**Problem details:** Word for word, and without a single picture, repeat the entries.

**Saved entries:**
[Start of section]

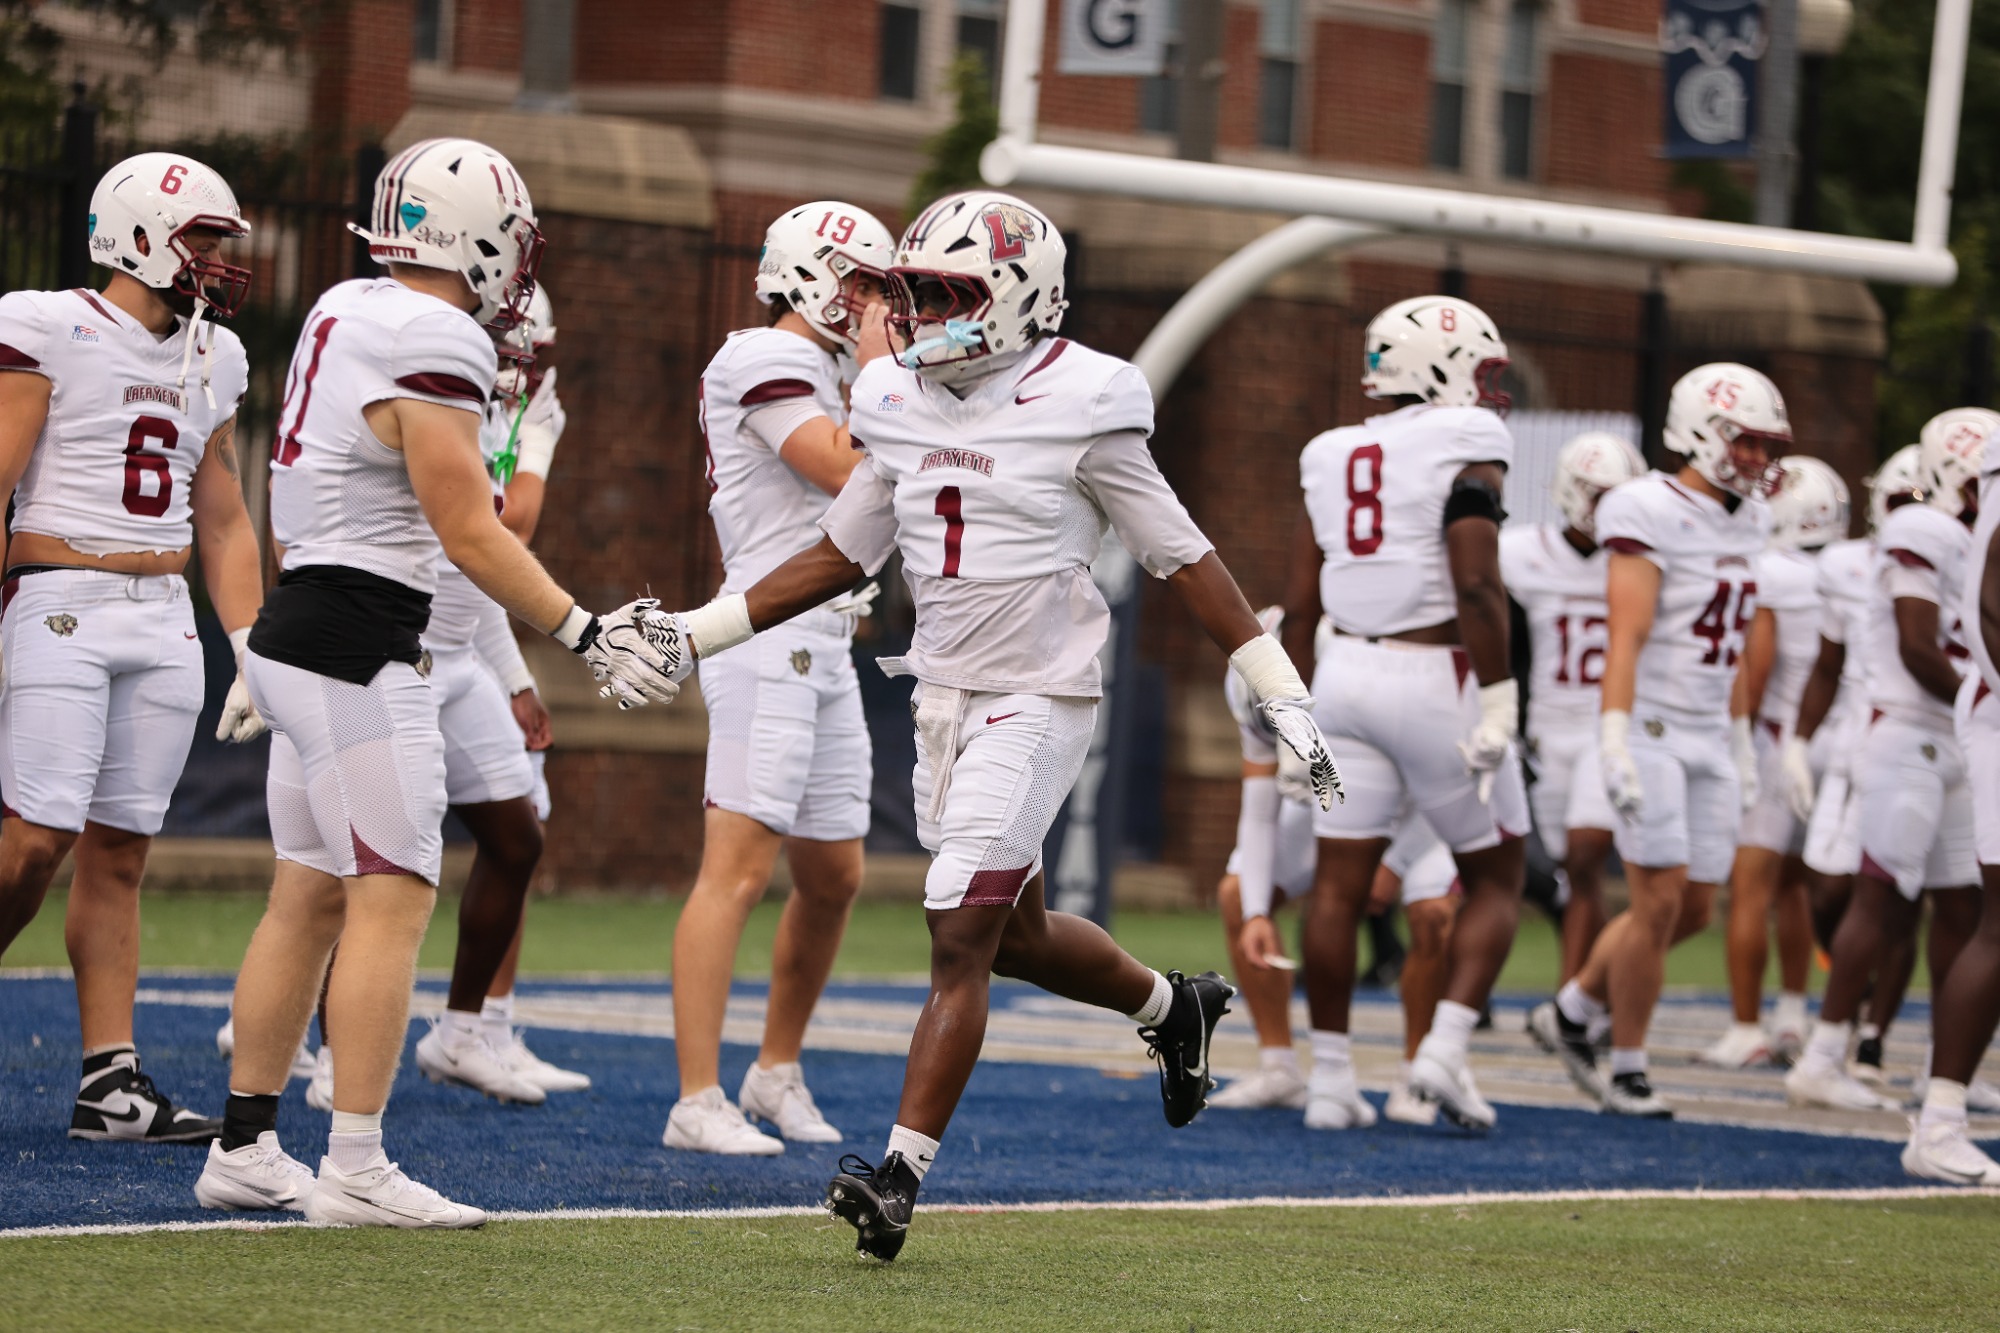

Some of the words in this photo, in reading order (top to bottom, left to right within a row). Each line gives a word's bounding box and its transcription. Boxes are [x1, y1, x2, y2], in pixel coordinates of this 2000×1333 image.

[1087, 0, 1136, 50] G
[160, 164, 189, 195] 6
[815, 210, 857, 245] 19
[982, 209, 1026, 264] L
[1441, 308, 1456, 332] 8
[123, 385, 181, 410] LAFAYETT
[272, 310, 340, 467] 11
[122, 415, 179, 518] 6
[918, 449, 993, 476] LAFAYETTE
[1346, 443, 1383, 556] 8
[935, 486, 965, 578] 1
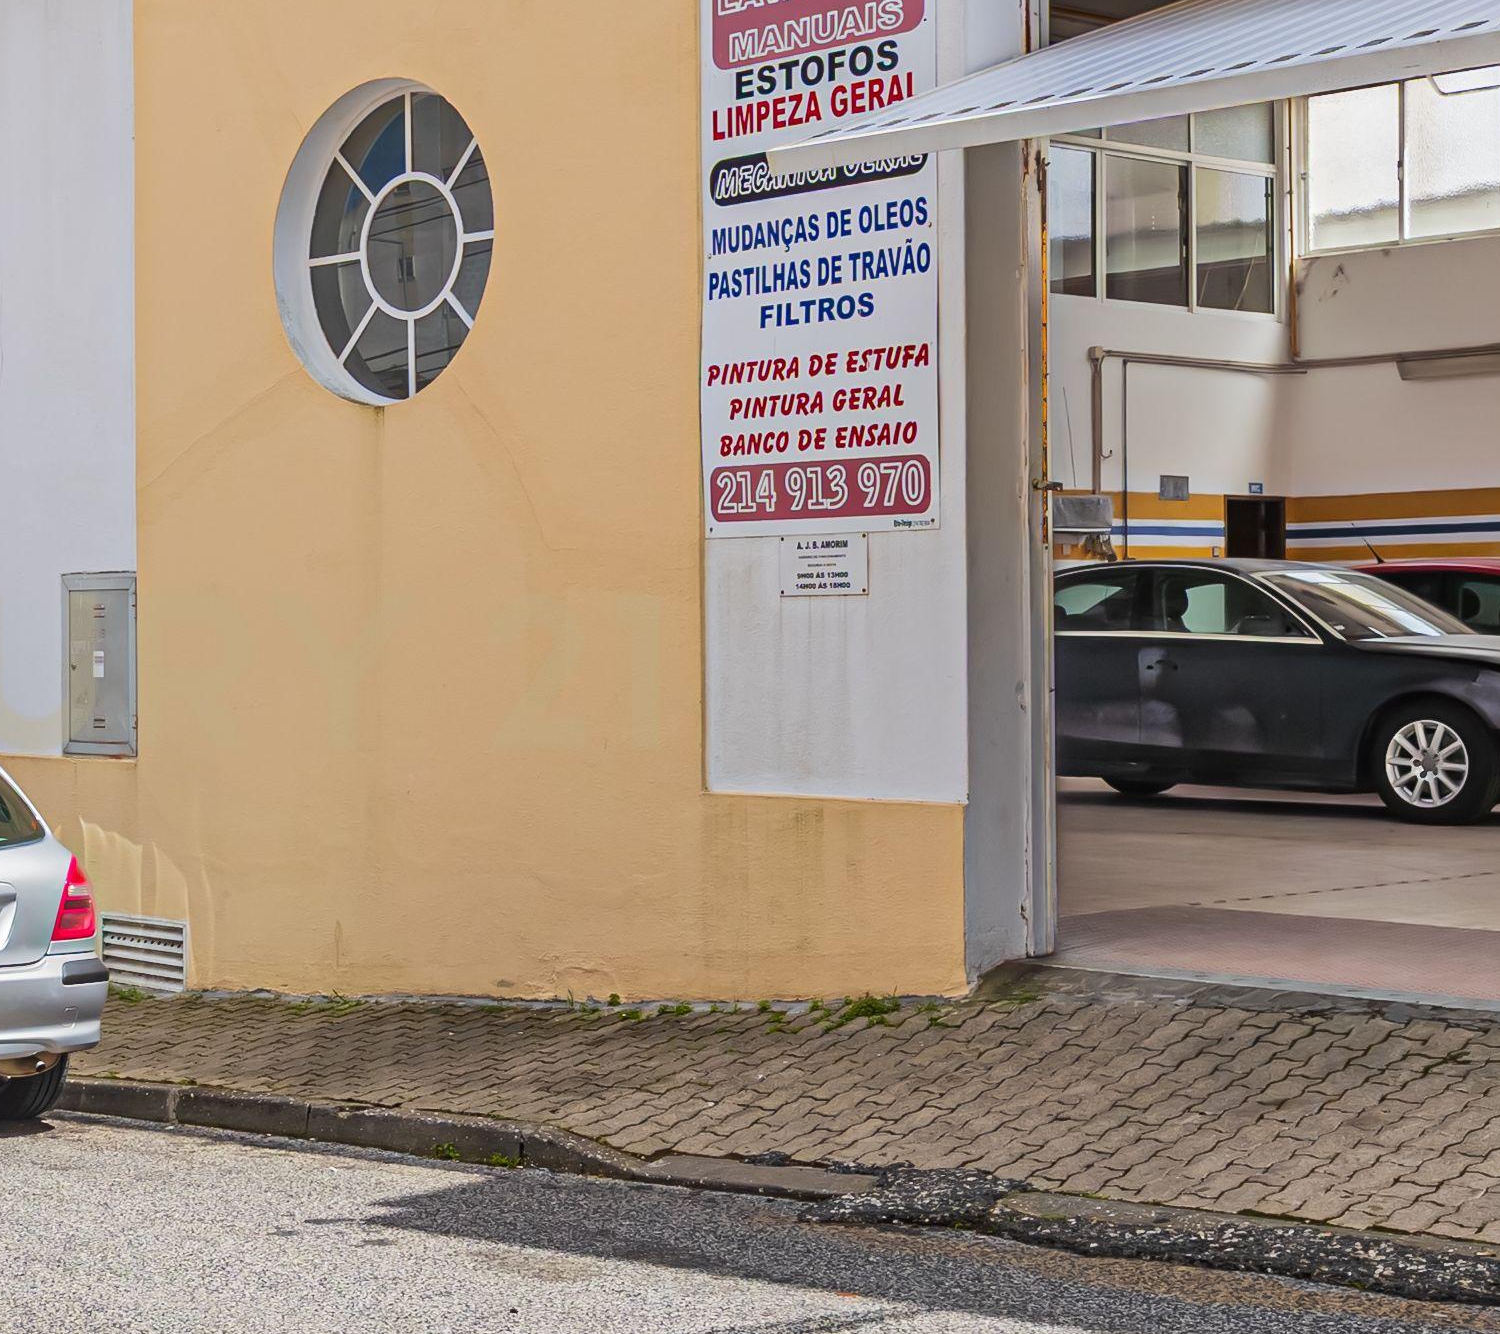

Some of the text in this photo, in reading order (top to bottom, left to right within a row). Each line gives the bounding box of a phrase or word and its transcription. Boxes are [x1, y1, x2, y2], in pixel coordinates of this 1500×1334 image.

[735, 39, 899, 100] ESTOFOS
[712, 90, 822, 141] LIMPEZA
[712, 196, 928, 255] MUDANÇAS DE OLEOS
[709, 238, 931, 300] PASTILHAS DE TRAVÃO
[760, 292, 875, 329] FILTROS
[707, 343, 930, 387] PINTURA DE ESTUFA
[729, 384, 905, 420] PINTURA GERAL
[719, 421, 918, 457] BANCO DE ENSAIO
[717, 459, 925, 514] 214 913 970
[820, 540, 848, 549] AMORIM

[End of section]

**Solved exercise:**
Some of the words in this photo, in reading order (top to bottom, left to right within a row). Each line gives a word's bounding box and its transcription. Boxes are [x1, y1, x2, y2], in pixel coordinates of this 2000×1333 image.

[1087, 0, 1136, 50] G
[160, 164, 189, 195] 6
[815, 210, 857, 245] 19
[982, 209, 1026, 264] L
[1441, 308, 1456, 332] 8
[123, 385, 181, 410] LAFAYETT
[272, 310, 340, 467] 11
[122, 415, 179, 518] 6
[918, 449, 993, 476] LAFAYETTE
[1346, 443, 1383, 556] 8
[935, 486, 965, 578] 1

Some of the text in this photo, in reading order (top to bottom, left to right within a row). Each line gives the bounding box of a phrase or word and its transcription. Boxes are [x1, y1, x2, y2], in pixel coordinates of this 1500×1334 image.

[735, 39, 899, 100] ESTOFOS
[712, 90, 822, 141] LIMPEZA
[712, 196, 928, 255] MUDANÇAS DE OLEOS
[709, 238, 931, 300] PASTILHAS DE TRAVÃO
[760, 292, 875, 329] FILTROS
[707, 343, 930, 387] PINTURA DE ESTUFA
[729, 384, 905, 420] PINTURA GERAL
[719, 421, 918, 457] BANCO DE ENSAIO
[717, 459, 925, 514] 214 913 970
[820, 540, 848, 549] AMORIM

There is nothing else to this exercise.